- EXERCISE AIM -
Nothing but the pictures should be left out when you copy the records exactly.

==== GIVEN DATA ====

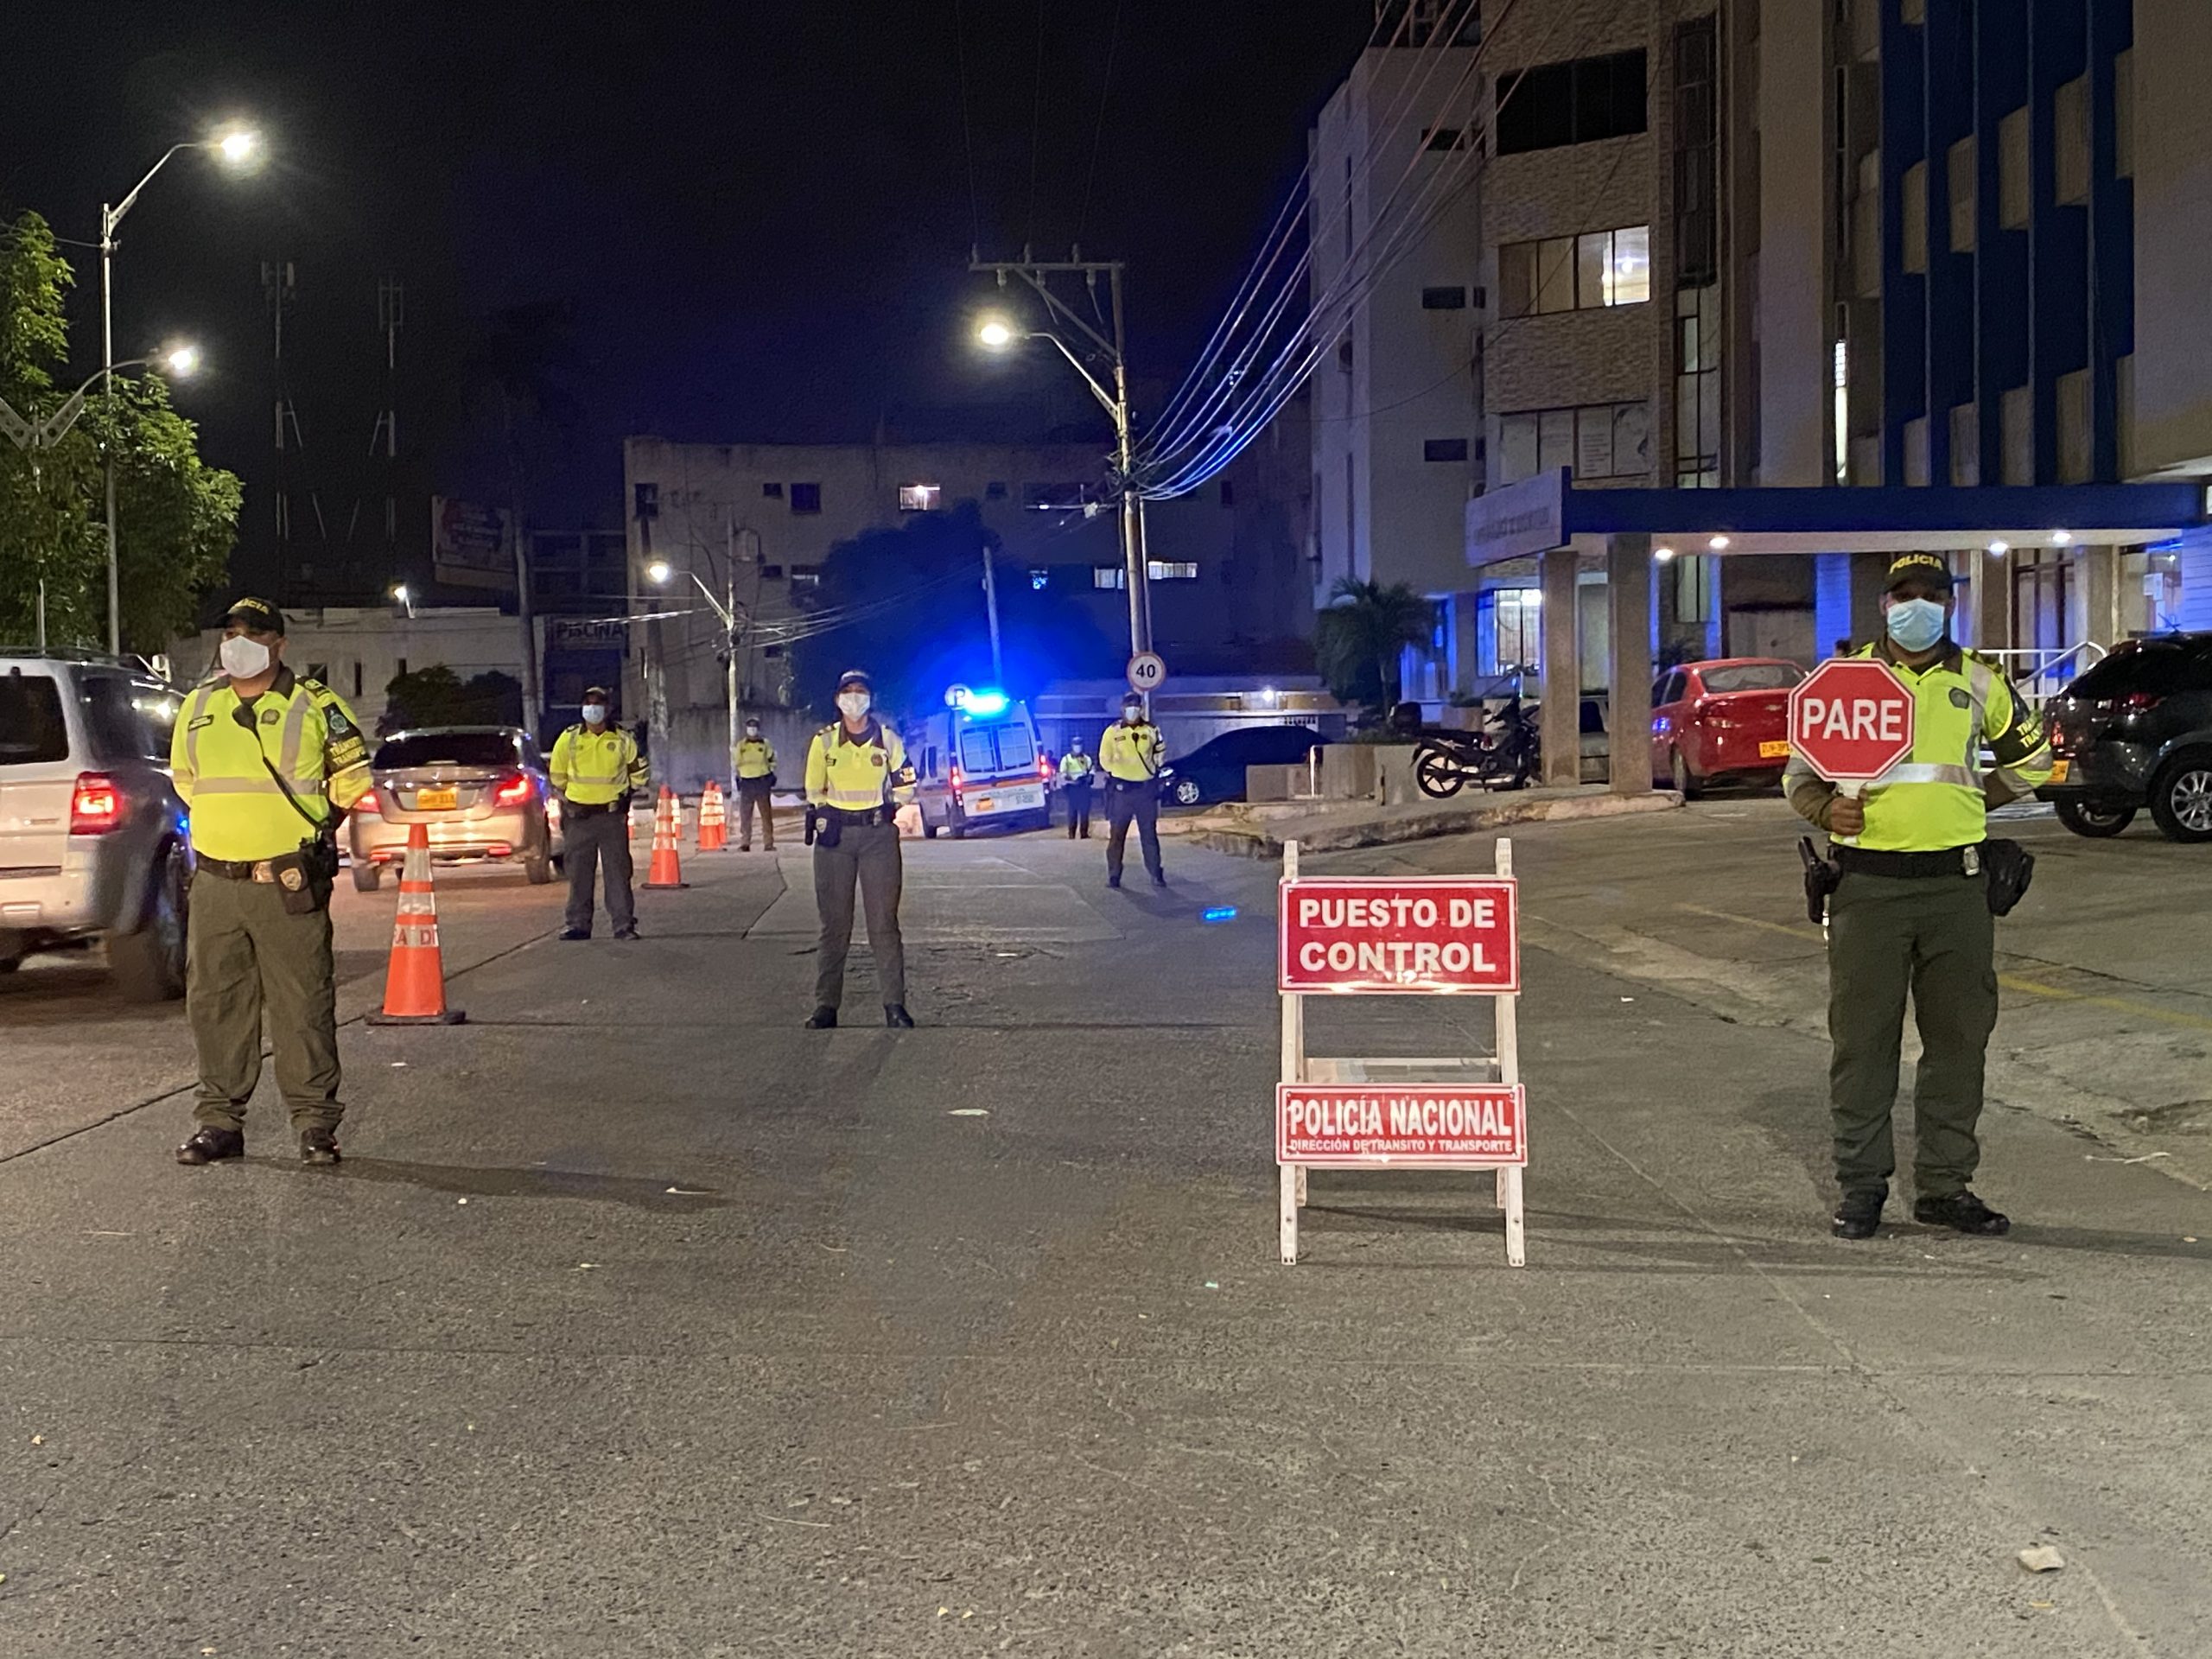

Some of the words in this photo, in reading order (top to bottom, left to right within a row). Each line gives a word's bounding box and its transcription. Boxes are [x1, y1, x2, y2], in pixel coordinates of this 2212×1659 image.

[1889, 554, 1943, 574] POLICIA
[1135, 664, 1156, 678] 40
[1802, 697, 1904, 741] PARE
[1299, 898, 1438, 928] PUESTO
[1449, 899, 1496, 928] DE
[1299, 941, 1497, 973] CONTROL
[1389, 1098, 1512, 1136] NACIONAL
[1352, 1139, 1368, 1152] DE
[1427, 1140, 1436, 1152] Y
[1438, 1140, 1512, 1153] TRANSPORTE
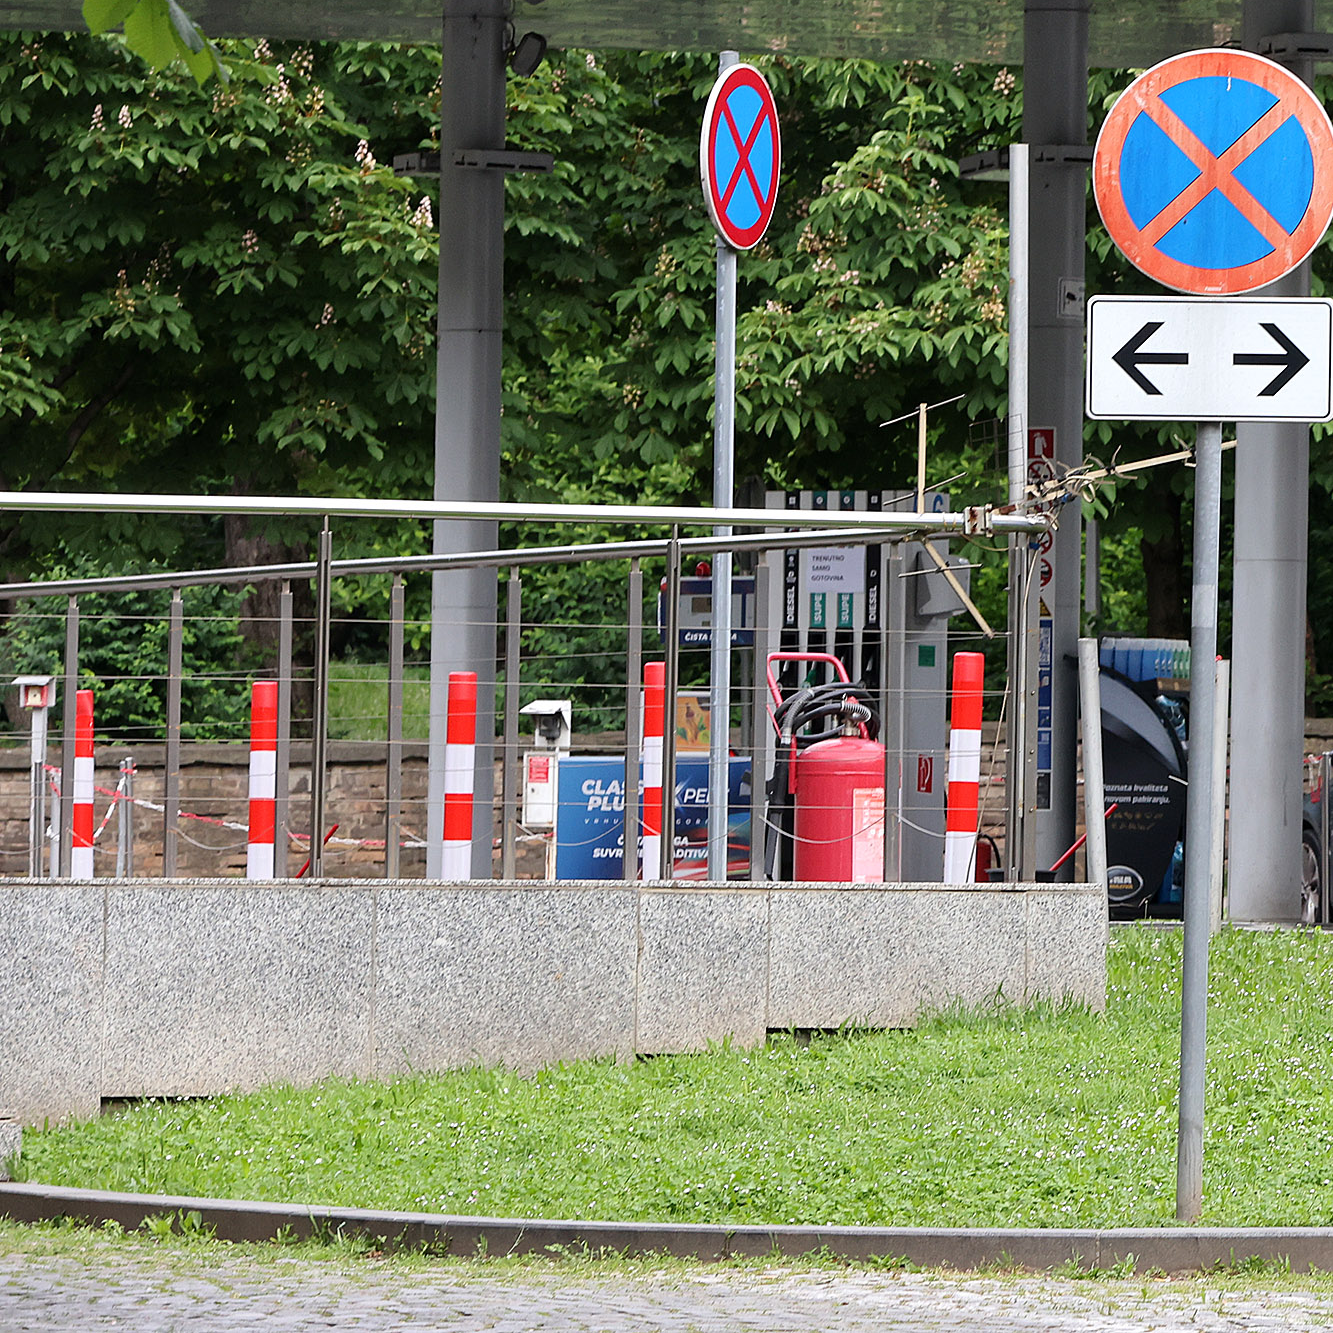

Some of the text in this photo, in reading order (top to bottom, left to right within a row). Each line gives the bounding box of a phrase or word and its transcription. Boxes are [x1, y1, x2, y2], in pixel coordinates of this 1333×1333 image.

====

- FINISHED EXERCISE -
Some of the words in this photo, in reading order (top to bottom, left to right within a row). Each line gives a word's bounding box and its transcription. Boxes are [x1, y1, x2, y2], in pixel coordinates of this 2212×1659 image.

[1889, 554, 1943, 574] POLICIA
[1135, 664, 1156, 678] 40
[1802, 697, 1904, 741] PARE
[1299, 898, 1438, 928] PUESTO
[1449, 899, 1496, 928] DE
[1299, 941, 1497, 973] CONTROL
[1389, 1098, 1512, 1136] NACIONAL
[1352, 1139, 1368, 1152] DE
[1427, 1140, 1436, 1152] Y
[1438, 1140, 1512, 1153] TRANSPORTE

Some of the text in this photo, in reading order (top to bottom, left to right within a row). Each line gives the bounding box of a phrase or word and its transcription. Boxes are [x1, y1, x2, y2], in pixel coordinates of this 1333×1333 image.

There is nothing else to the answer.